Ohio’s “Dropout Recovery” Charters Increase State’s Dropout Rate, Swallow Tax Dollars
Doug Livingston, the education writer for the Akron Beacon Journal and Ohio’s top education journalist, recently reported on the financial scam at Ohio’s so-called “dropout recovery” charter schools. These are the on-line charters that say they are serving Ohio’s most vulnerable adolescents while in reality they are, according to Livingston, making enormous profits while driving up Ohio’s dropout rate at the same time other states are significantly increasing the rate of high school completion.
It is, of course, true that these schools cater to students in danger of dropping out, but because of the way the state reimburses such schools, there is massive profit to be made. In the first of his new series of articles Livingston explains that two-thirds of Ohio’s dropouts are from charter schools, the vast majority on-line academies that require students to sit in a cubicle with a computer for four hours a day.
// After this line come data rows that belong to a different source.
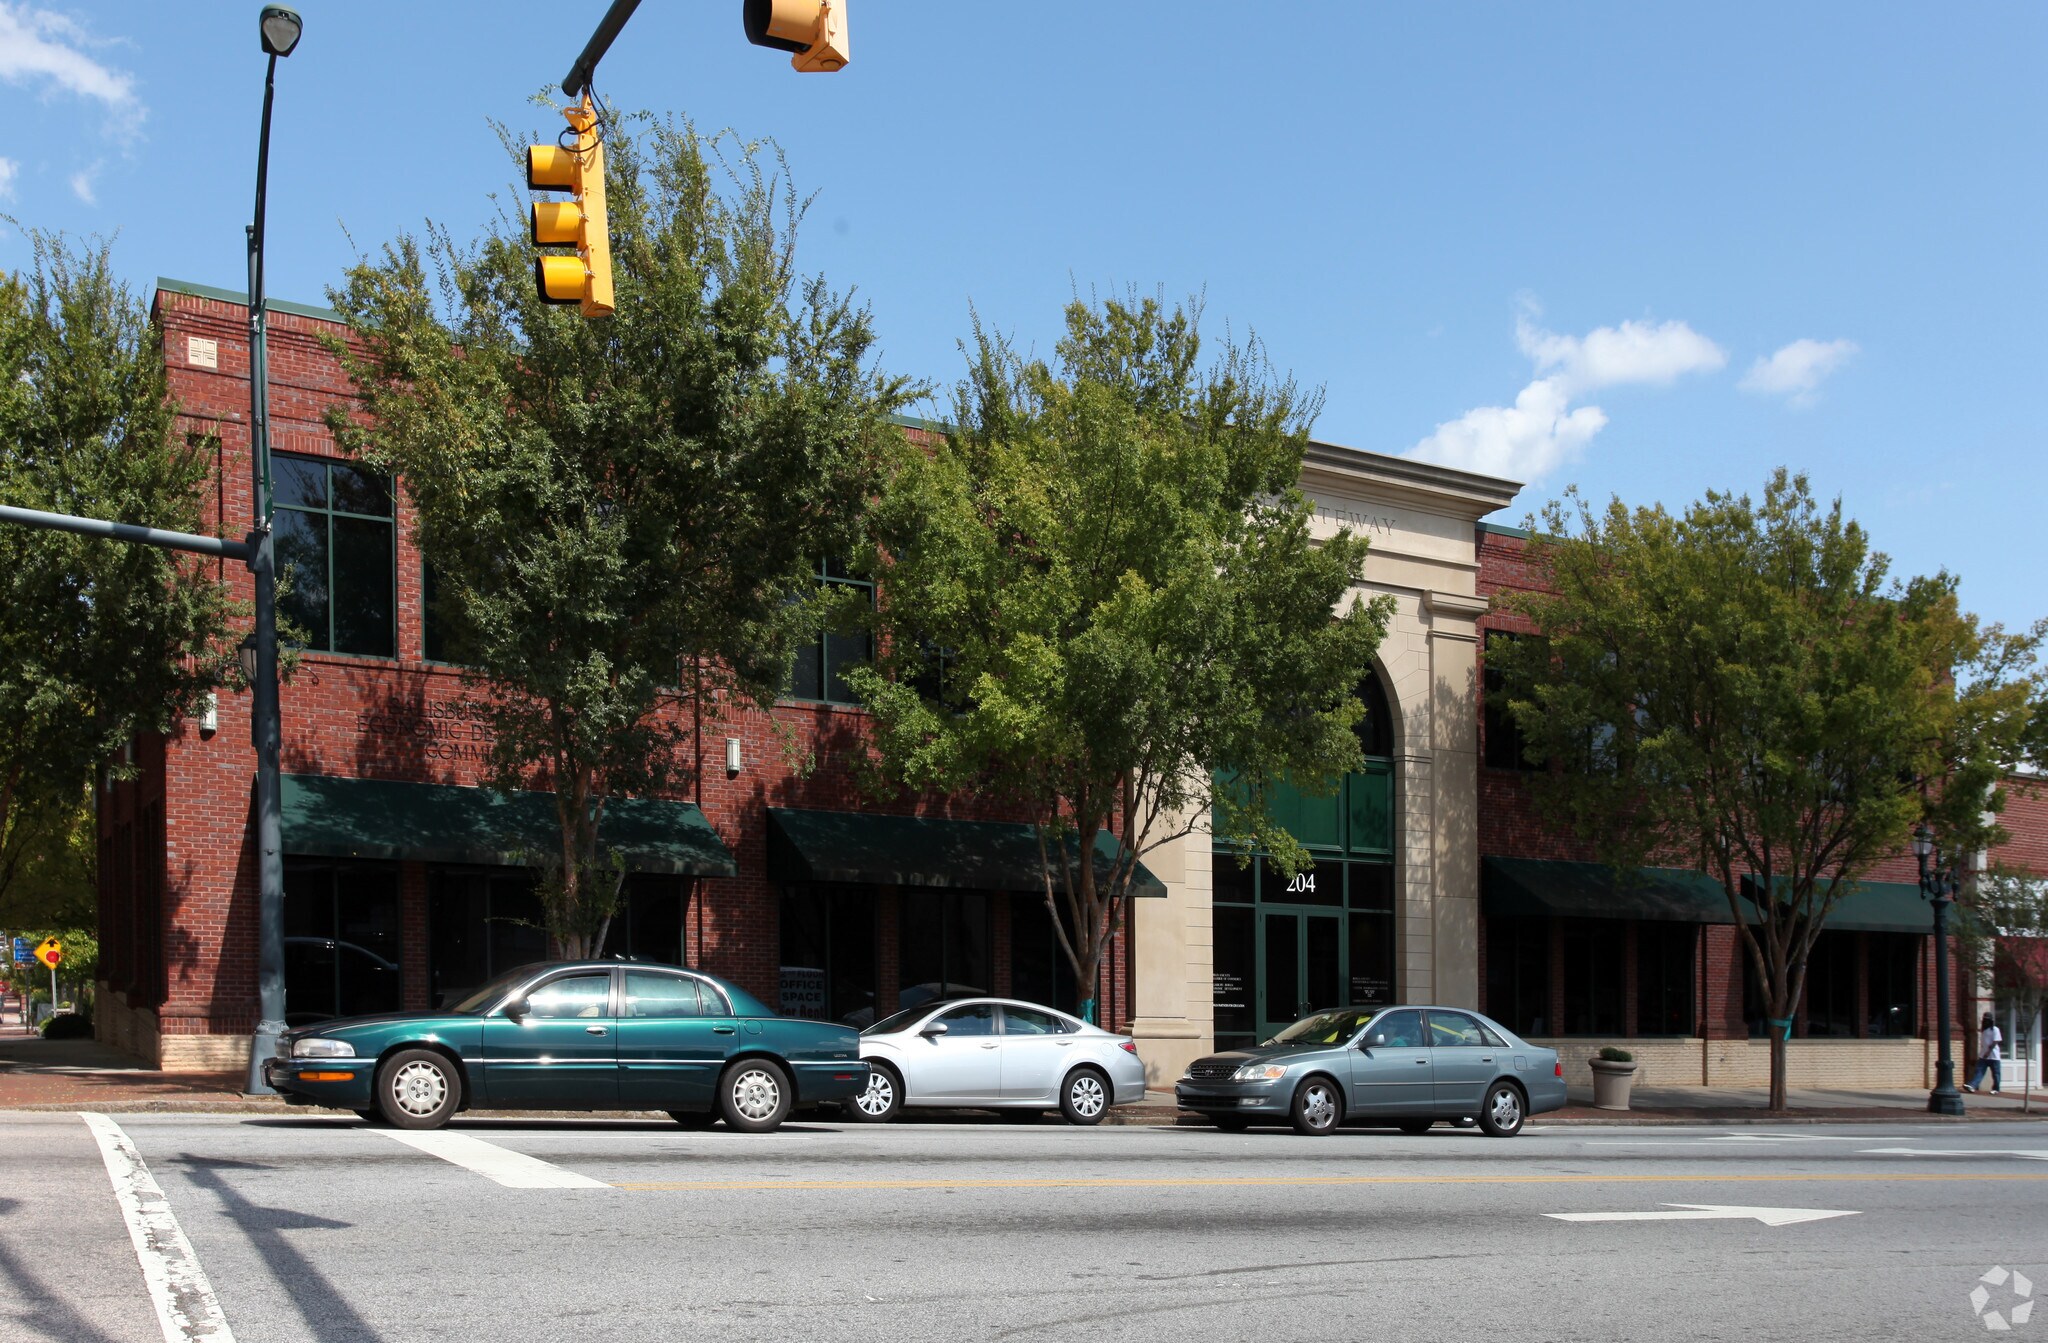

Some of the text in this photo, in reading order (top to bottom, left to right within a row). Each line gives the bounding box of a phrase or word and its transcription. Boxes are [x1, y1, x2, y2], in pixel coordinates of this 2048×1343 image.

[388, 697, 492, 722] SALISBUR
[356, 715, 462, 740] ECONOMIC
[1286, 873, 1316, 893] 204
[780, 980, 823, 990] OFFICE
[782, 992, 821, 1002] SPACE
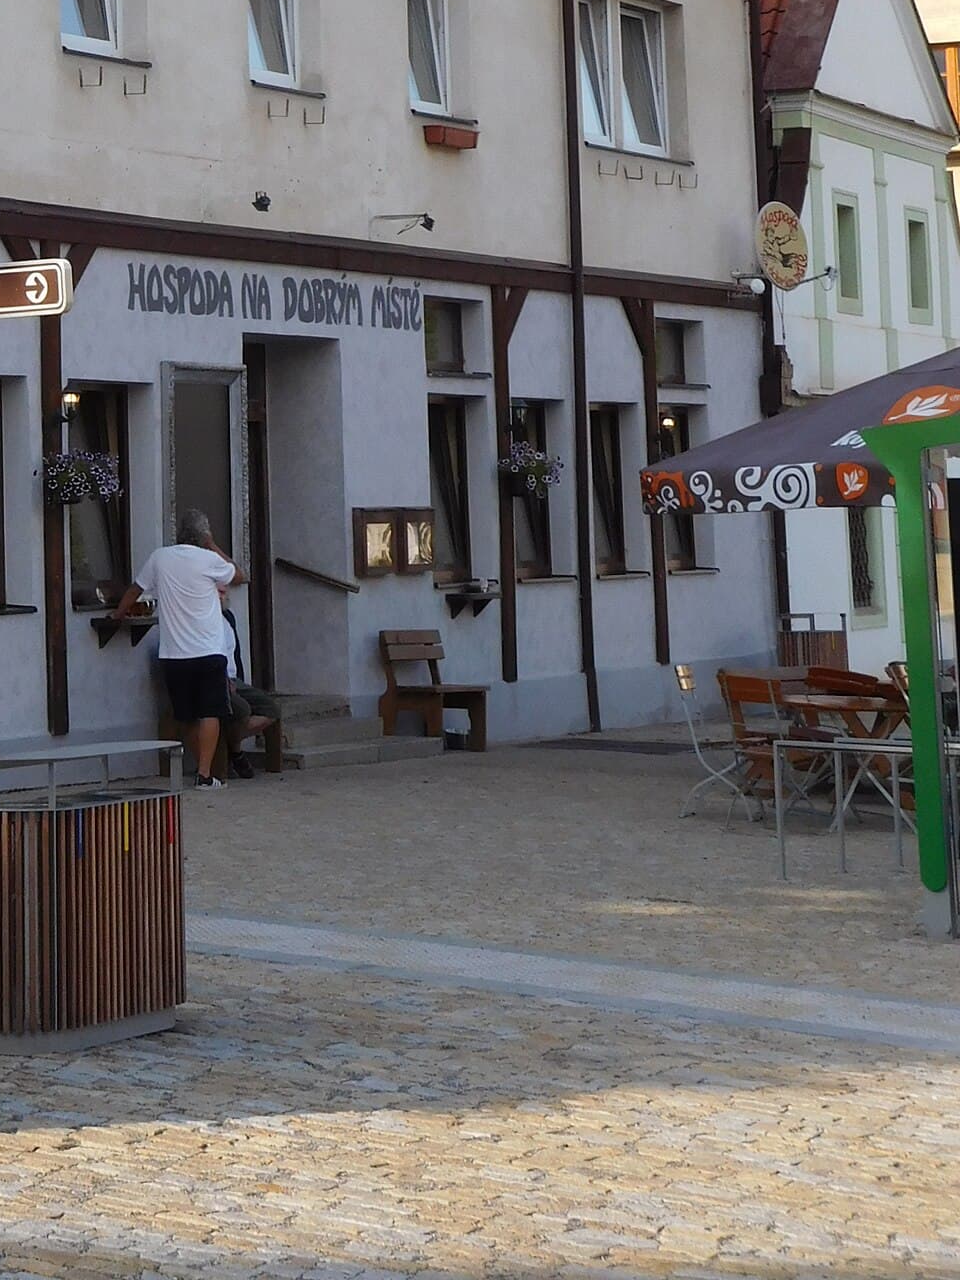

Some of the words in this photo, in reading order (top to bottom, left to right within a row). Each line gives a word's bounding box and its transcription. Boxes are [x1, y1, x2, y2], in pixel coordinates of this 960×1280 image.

[127, 262, 234, 318] HOSPODA
[241, 272, 272, 321] NA
[282, 274, 363, 327] DOBRÝM
[371, 275, 422, 332] MÍSTĚ
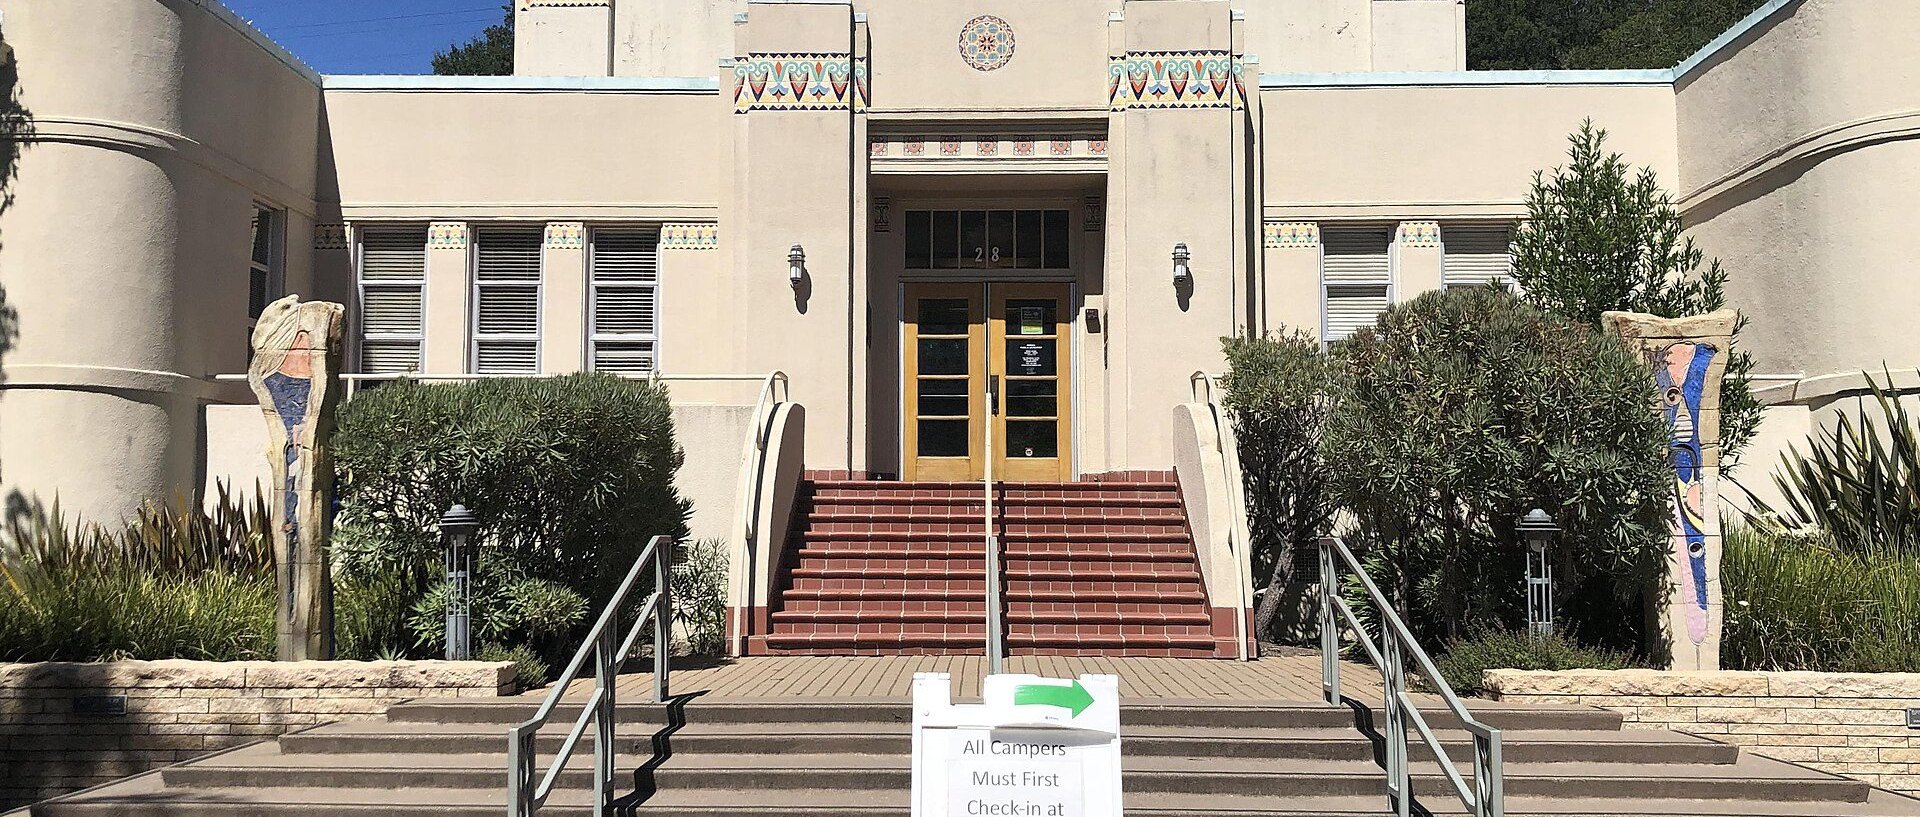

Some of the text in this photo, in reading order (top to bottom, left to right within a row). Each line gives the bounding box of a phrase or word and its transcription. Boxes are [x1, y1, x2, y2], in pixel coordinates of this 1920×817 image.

[975, 246, 1000, 262] 28
[963, 740, 1066, 759] All Campers
[972, 771, 1060, 788] Must First
[967, 799, 1064, 817] Check-in at
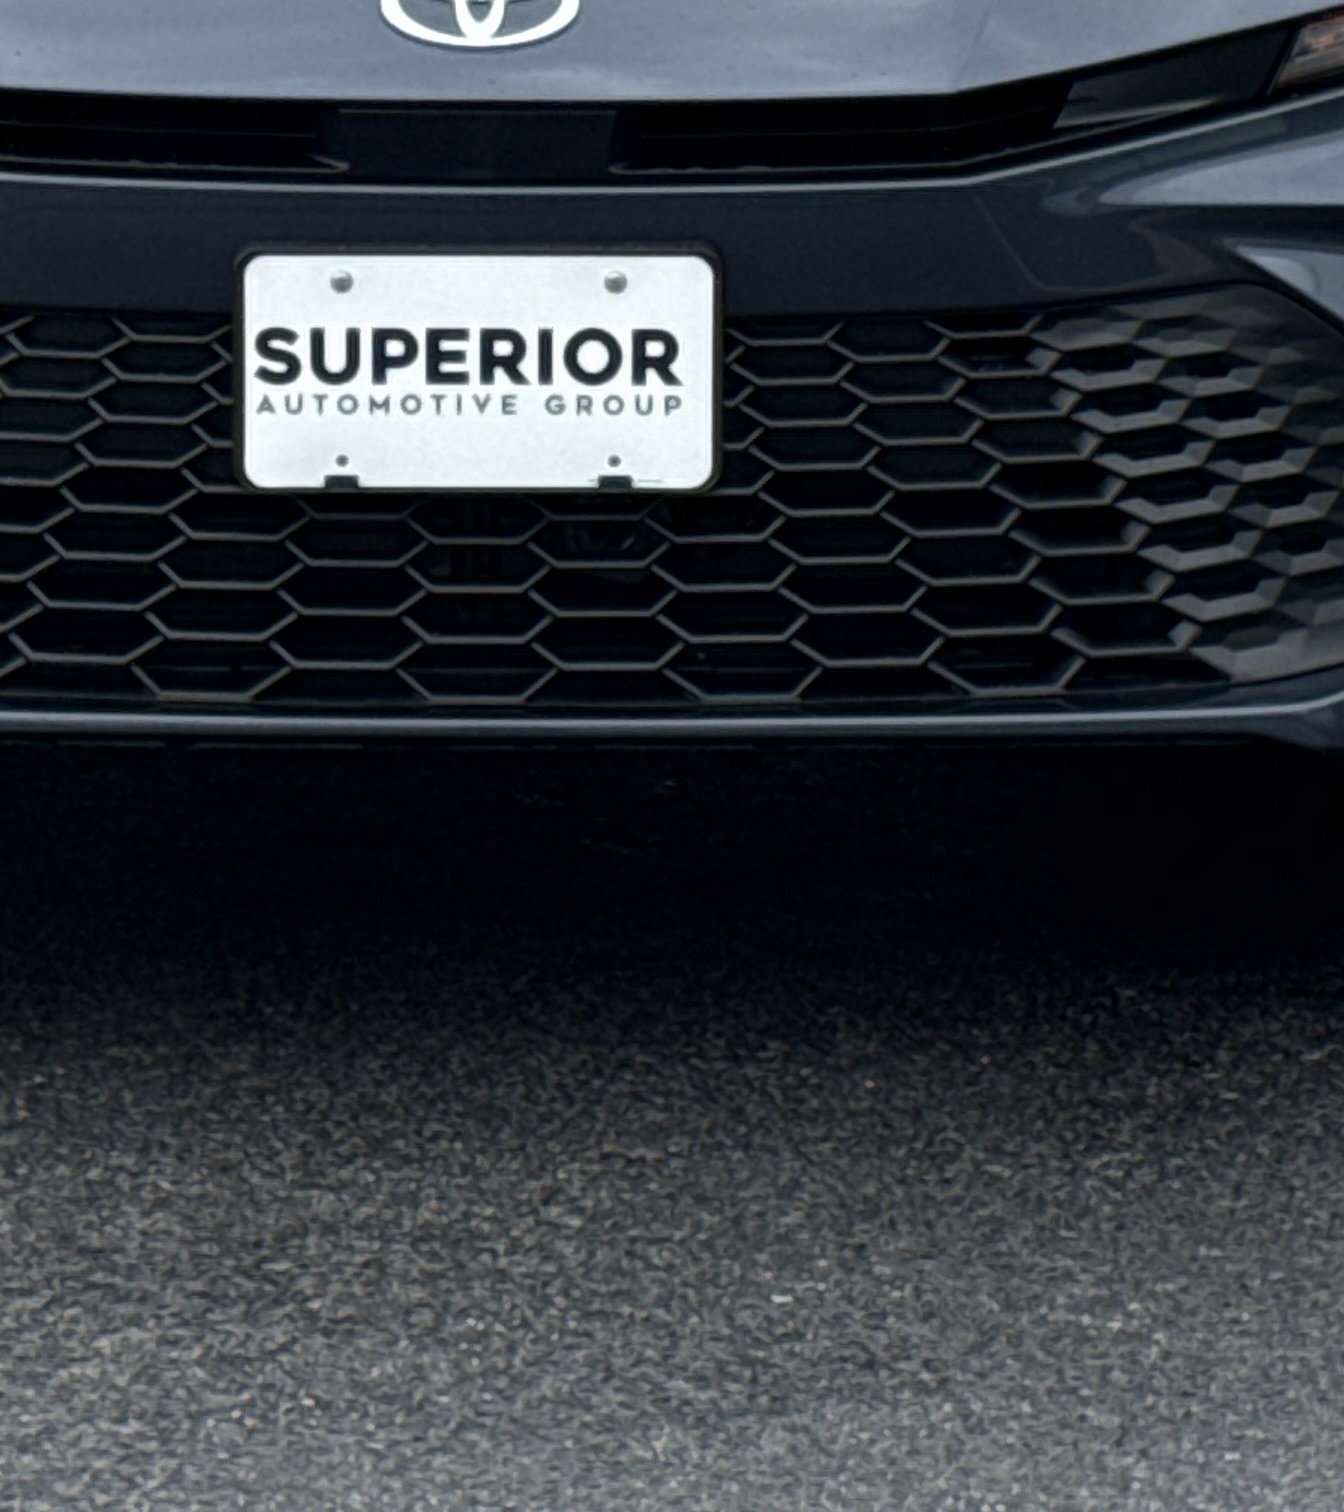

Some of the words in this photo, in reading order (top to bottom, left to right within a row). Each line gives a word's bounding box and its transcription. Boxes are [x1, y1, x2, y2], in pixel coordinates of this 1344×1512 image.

[255, 327, 684, 386] SUPERIOR
[256, 393, 520, 416] AUTOMOTIVE
[544, 393, 683, 416] GROUP
In a table that accompanies his recent investigation, Livingston lists a dozen dropout-recovery charter schools with a graduation rate below 4 percent, two of them posting a 4-year graduation rate of zero percent. Seven of these schools are part of the Life Skills Academy network owned by politically connected David Brennan as part of his White Hat chain. In a second piece, Livingston reports: “For 15 years, White Hat and its programs for high school dropouts have cornered an education market saturated with struggling students who often bounce from school to school. White Hat’s model—what founder and owner David Brennan held up as the alternative to government schools’ failing ‘one-size-fits-all’ approach—has spread to every major city in Ohio.”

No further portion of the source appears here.